The John Batchelor Show

Wednesday 17 April 2013

Air Date: 
April 17, 2013

Photo, above:  North Korean KN-08.  Global Security writes, 'Circumstantial evidence had been building up for some years that had begun to suggest to US and South Korean intelligence that North Korea was attempting to develop a semi-mobile ICBM. This information though thin was initially suggested in public speech in a Singapore conference and on a trip to China to the press pool by the then-U. S. Defense Secretary, Dr.

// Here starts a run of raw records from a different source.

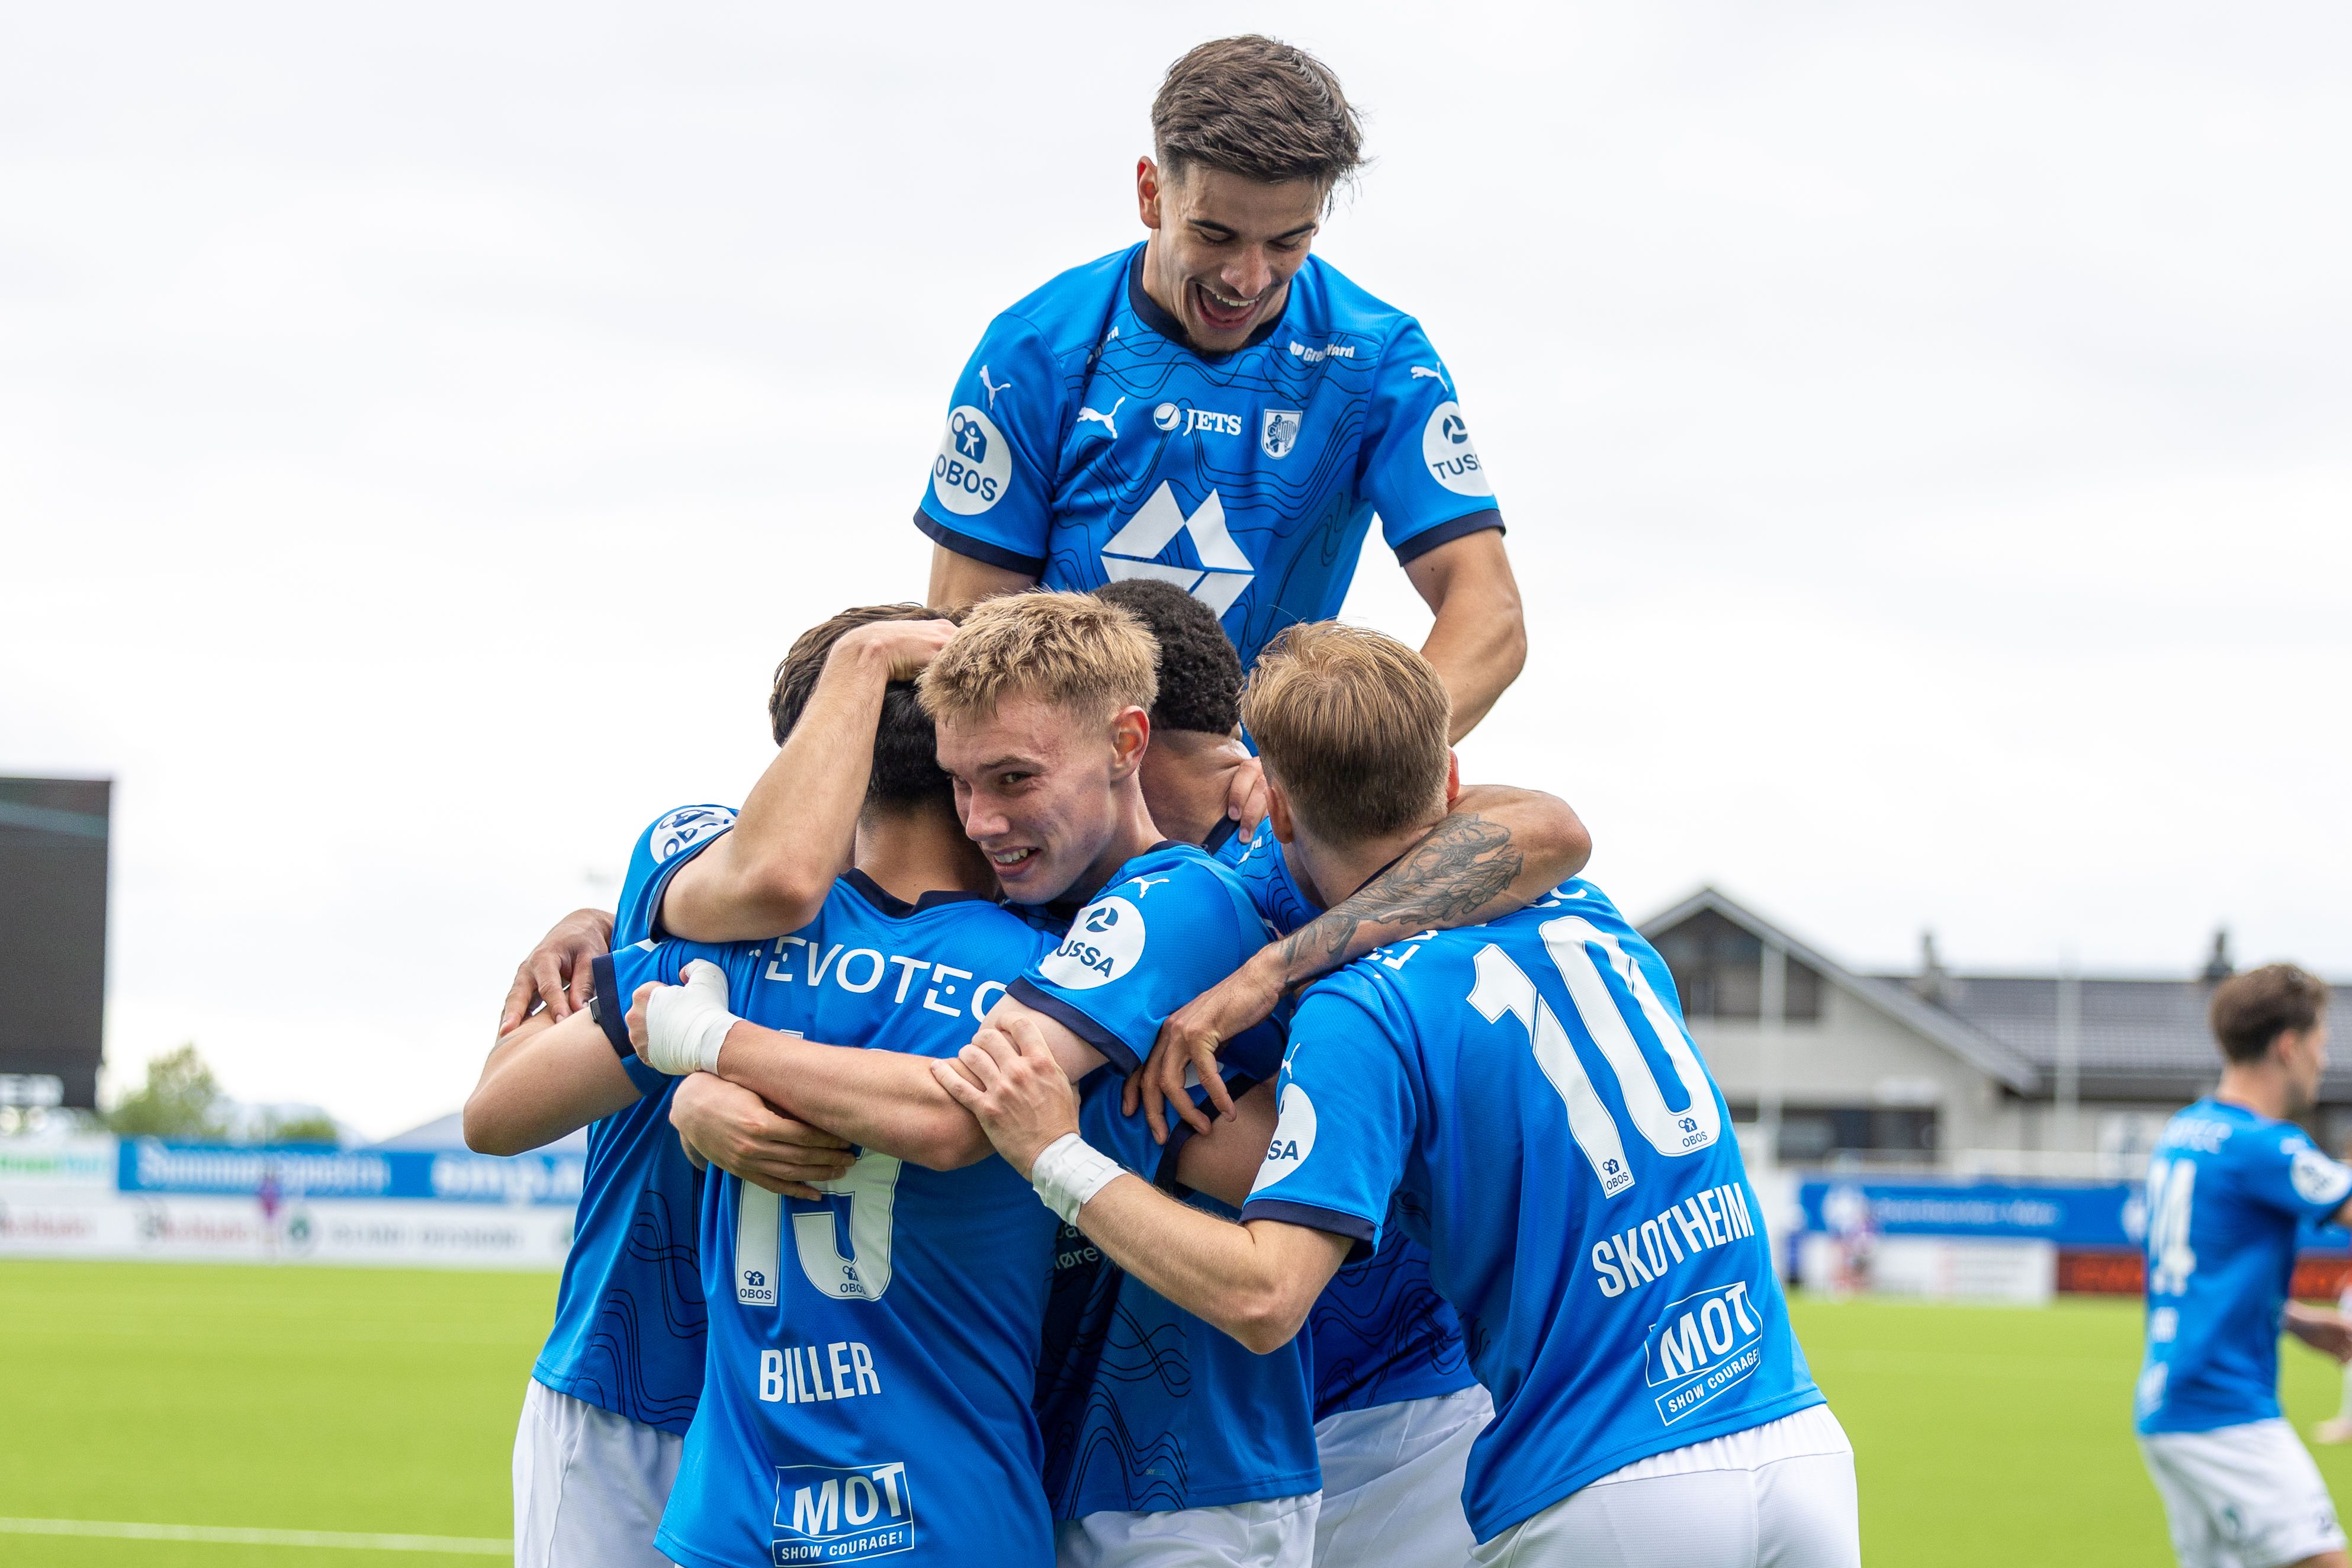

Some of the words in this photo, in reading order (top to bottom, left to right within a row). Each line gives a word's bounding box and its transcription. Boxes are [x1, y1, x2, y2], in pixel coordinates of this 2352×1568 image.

[1183, 409, 1242, 436] JETS
[936, 454, 998, 502] OBOS
[1426, 454, 1483, 480] TUS
[1049, 940, 1114, 978] USSA
[1466, 915, 1721, 1199] 10
[1682, 1132, 1707, 1147] OBOS
[1606, 1172, 1629, 1190] OBOS
[1592, 1183, 1755, 1297] SKOTHEIM
[740, 1289, 772, 1299] OBOS
[840, 1283, 866, 1295] OBOS
[1660, 1281, 1756, 1379] MOT
[760, 1342, 881, 1403] BILLER
[1668, 1384, 1705, 1413] SHOW
[793, 1463, 905, 1535] MOT
[782, 1545, 822, 1560] SHOW
[829, 1531, 903, 1556] COURAGE!

Robert M. Gates, followed later by Admiral Robert F. Willard, commander of the U.S. Pacific Command, before the House Armed Services Committee.  On March 12, 2013, the DNI, the Honorable James R. Clapper, stated before the Senate Select Committee on Intelligence that ". . . last April it displayed what appears to be a rogue mobile intercontinental ballistic missile. We believe North Korea has already taken initial steps toward fielding this system, although it remains untested. " '  In fact, that's not entirely clear. It may have been tested in another country. See below: Hour 2, Block B, Bruce Bechtol,

JOHN BATCHELOR SHOW

Hour One

Wednesday  17 April 2013 / Hour 1, Block A: Arthur Waldron, Lauder Professor of International Relations at the University of Pennsylvania, in re: The US has much less pull with Beijing than formerly.  If Beijing has to choose between North Korea and the rest of the world, it'll choose North Korea. John Kerry is a vastly overconfident Secretary of State, wading into a difficult situation that's over his capabilities.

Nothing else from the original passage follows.